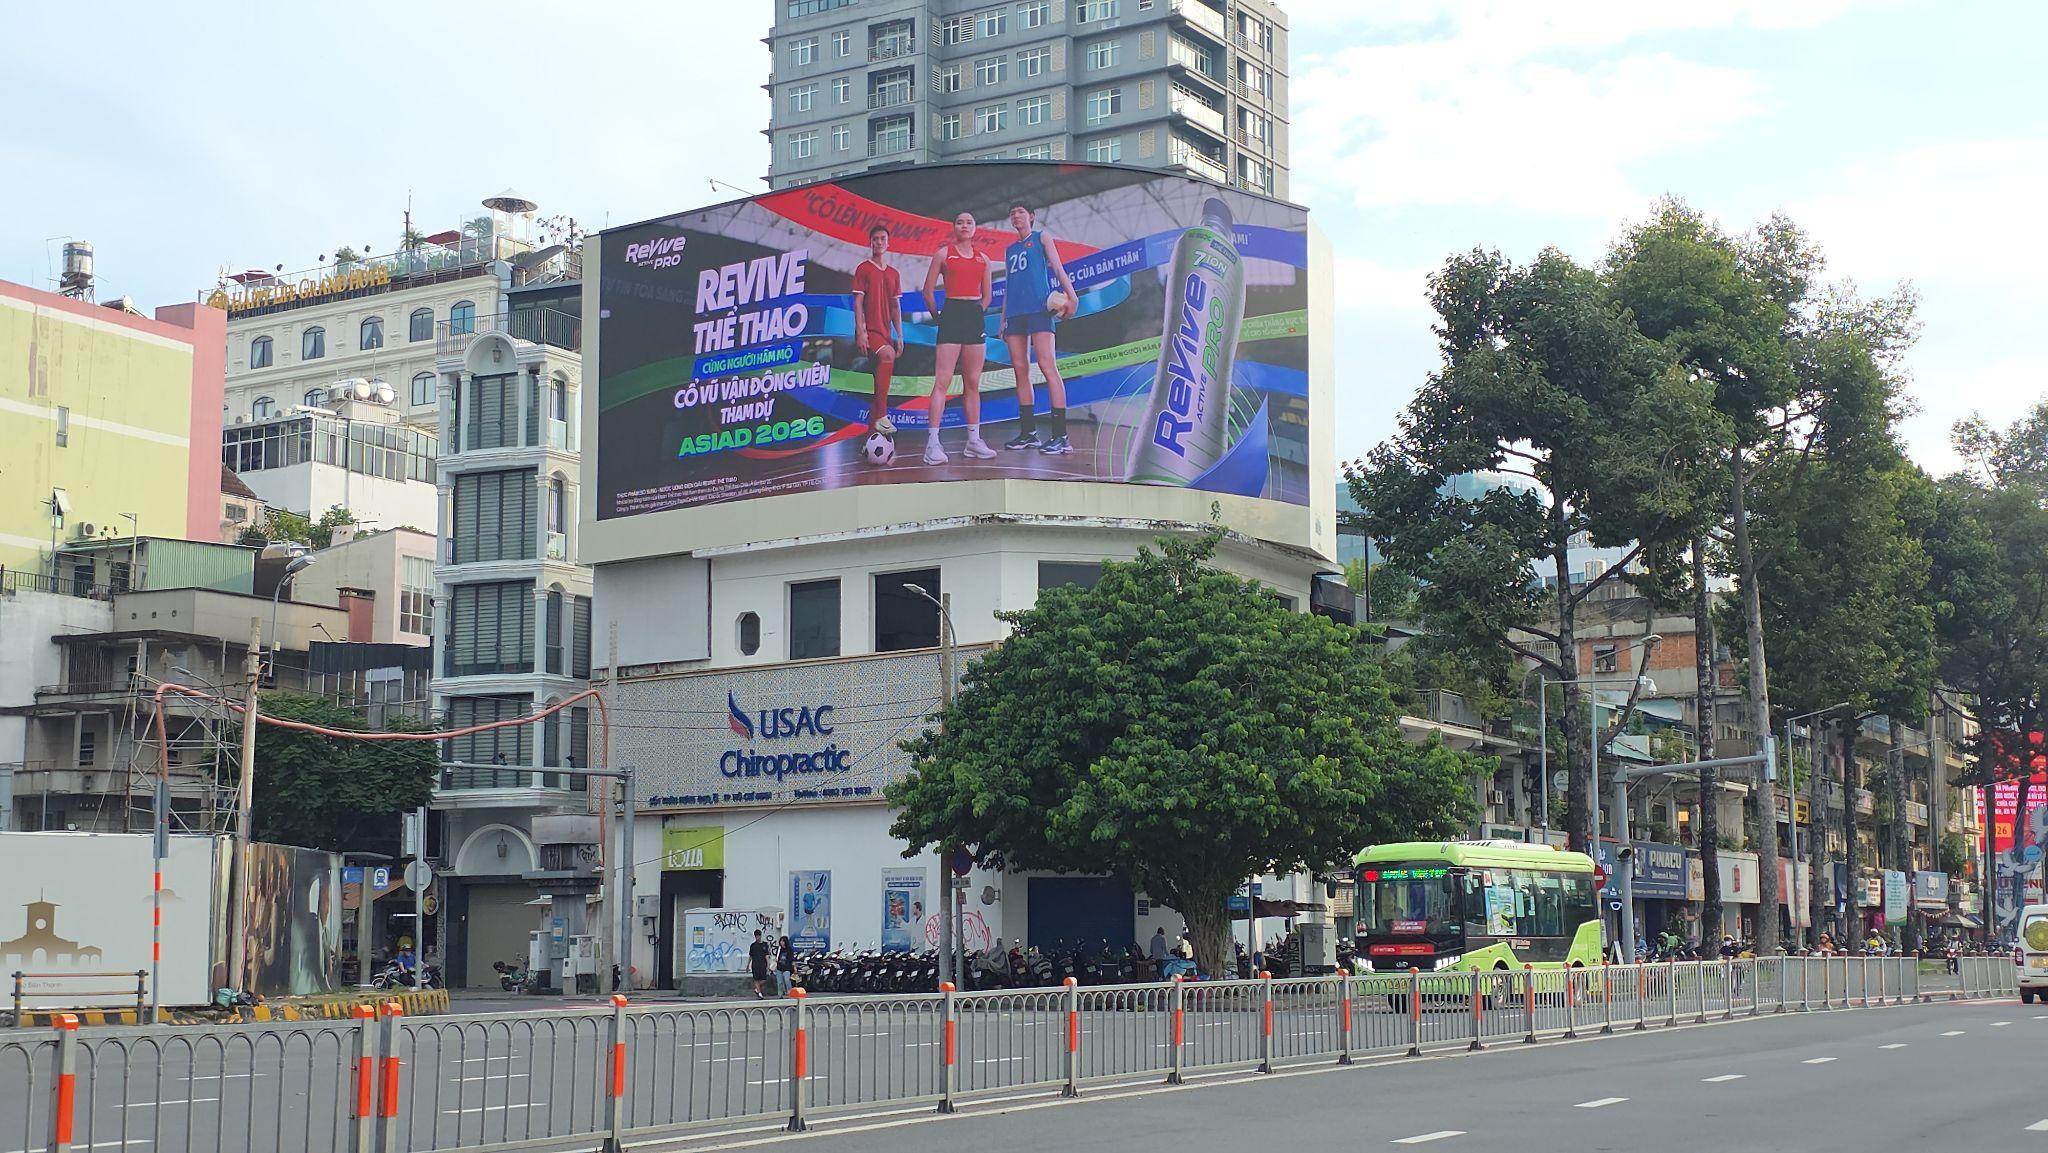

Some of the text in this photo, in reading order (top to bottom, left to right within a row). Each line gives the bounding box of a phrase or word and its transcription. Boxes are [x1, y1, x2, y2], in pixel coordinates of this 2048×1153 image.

[654, 254, 681, 270] PRO
[1010, 250, 1028, 274] 26
[300, 273, 348, 299] GRAND
[349, 265, 391, 290] HOTEL
[695, 249, 809, 314] REVIVE
[693, 303, 809, 355] THỂ THAO
[727, 353, 757, 370] NGƯỜI
[758, 349, 777, 364] HÂM
[777, 345, 794, 362] MỘ
[1153, 271, 1208, 458] ReVive
[1196, 296, 1225, 424] ACTIVE PRO
[674, 361, 831, 409] CỔ VŨ VẬN ĐỘNG VIÊN
[720, 398, 775, 424] THAM DỰ
[897, 412, 916, 425] SÁNG
[678, 416, 825, 457] ASIAD 2026
[760, 704, 834, 739] USAC
[720, 743, 851, 783] Chiropractic
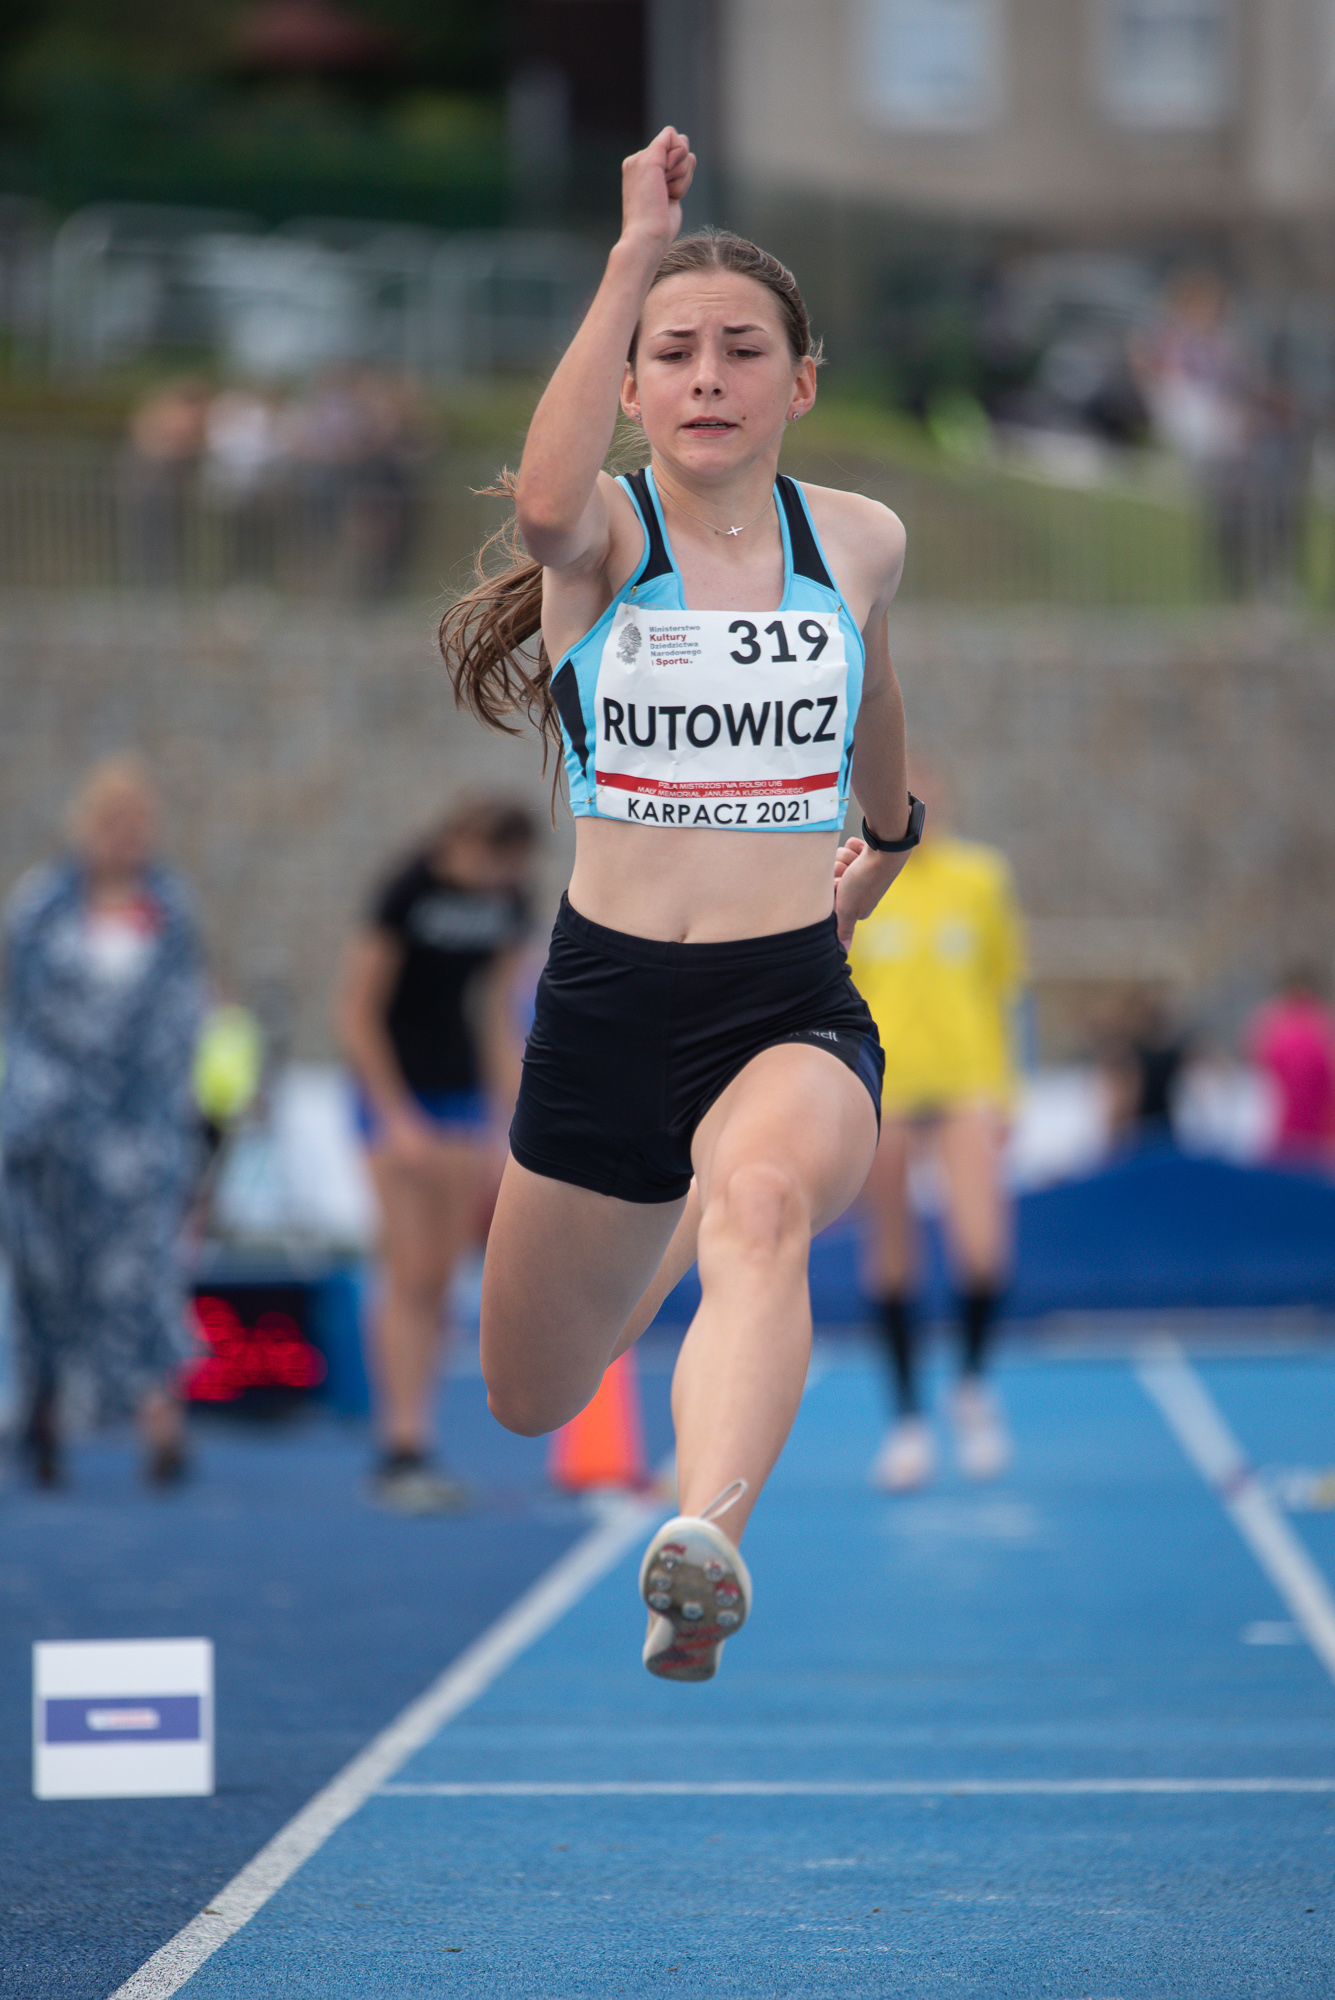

......

- **What is required**: A word-for-word copy of the data above is needed, one that omits the pictures.

- **Problem solution**:
Some of the text in this photo, in reading order (top to bottom, left to right within a row). Each line gives the bounding box of a phrase or word and its transcription. Boxes are [x1, y1, x2, y2], in pixel coordinates of this 2048×1153 image.

[654, 254, 681, 270] PRO
[1010, 250, 1028, 274] 26
[300, 273, 348, 299] GRAND
[349, 265, 391, 290] HOTEL
[695, 249, 809, 314] REVIVE
[693, 303, 809, 355] THỂ THAO
[727, 353, 757, 370] NGƯỜI
[758, 349, 777, 364] HÂM
[777, 345, 794, 362] MỘ
[1153, 271, 1208, 458] ReVive
[1196, 296, 1225, 424] ACTIVE PRO
[674, 361, 831, 409] CỔ VŨ VẬN ĐỘNG VIÊN
[720, 398, 775, 424] THAM DỰ
[897, 412, 916, 425] SÁNG
[678, 416, 825, 457] ASIAD 2026
[760, 704, 834, 739] USAC
[720, 743, 851, 783] Chiropractic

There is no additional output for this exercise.